@HatfieldAnne

When my middle school English teacher didn’t know the word “anecdote,” it became my first successful field test of discretion vs. valor.

@HatfieldAnne

If you teach your friend’s 4-year-old to say “leave the gun, take the cannoli,” be prepared for a phone call later.

@HatfieldAnne

Pretending that you’re feeding the garbage disposal like a hungry baby bird does not hurt anyone.

@HatfieldAnne

You can totally mistake a slipper for a cat when you don’t have your glasses on. Even after you pet it, you can’t be sure.

@HatfieldAnne

Are you a guest?

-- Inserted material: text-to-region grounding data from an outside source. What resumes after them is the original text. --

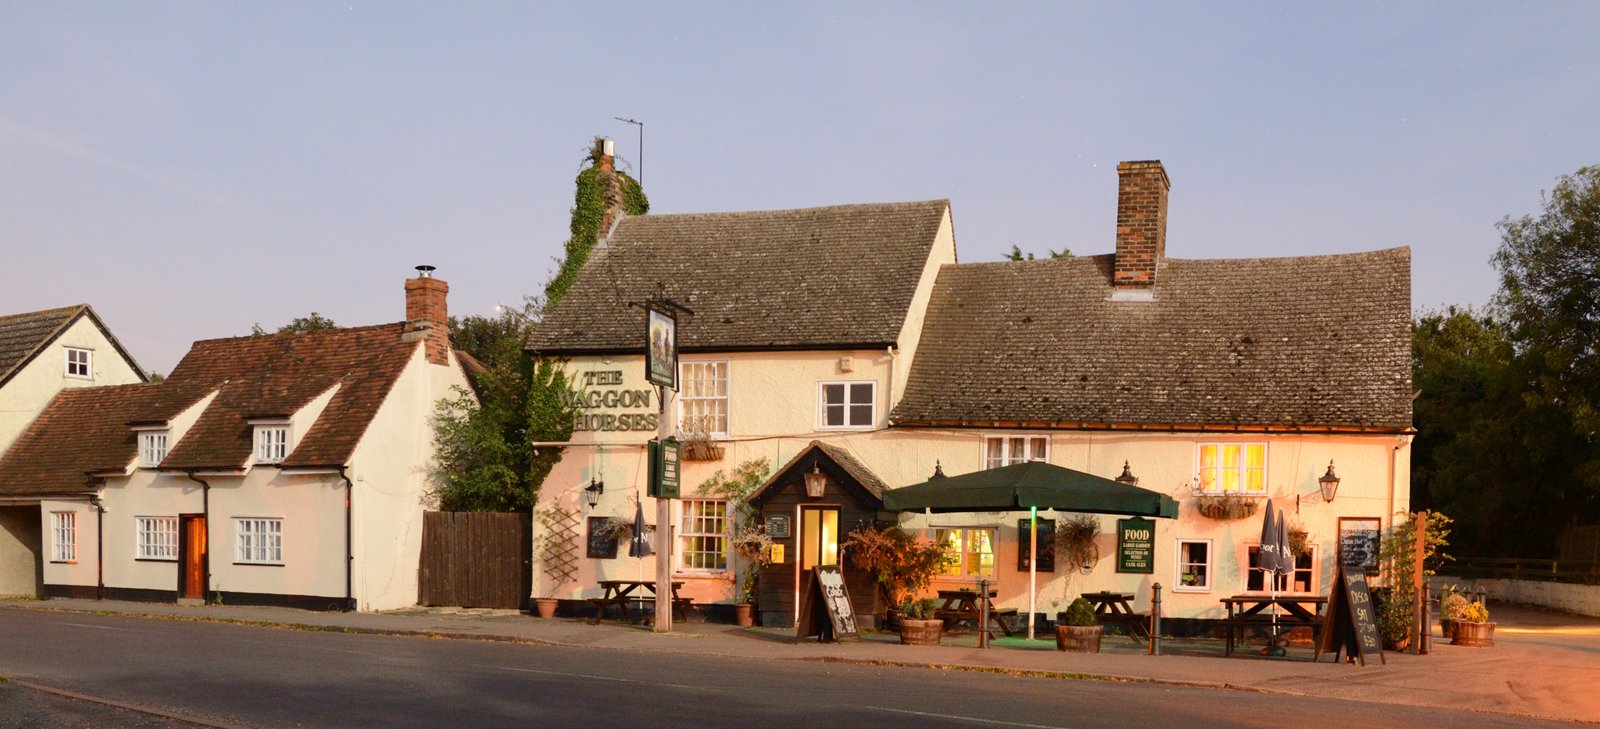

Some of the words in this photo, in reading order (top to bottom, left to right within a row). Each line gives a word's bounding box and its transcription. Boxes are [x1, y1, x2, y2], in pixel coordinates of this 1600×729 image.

[584, 370, 622, 385] THE
[560, 390, 651, 408] WAGGON
[573, 413, 658, 431] HORSES
[1125, 529, 1149, 540] FOOD
[1351, 590, 1368, 604] DISCO

No, you aren’t. You live here. *takes away napkin and hands you a paper towel*

@HatfieldAnne

You travel 3500 miles to the breathtaking 15th-century mountaintop Inca citadel, Machu Picchu. The gift shop is not great.

@HatfieldAnne

Not fat, but not super thin either. I’m more like…what’s the word? Oh, I know. Terrifying.

@HatfieldAnne

The card you sent said “Peace on Earth” but the glitter on my hand says you have made a powerful enemy.

@HatfieldAnne

[poking you repeatedly in the shoulder] I’ll keep this up until you acknowledge me. I’ve got nowhere else to be.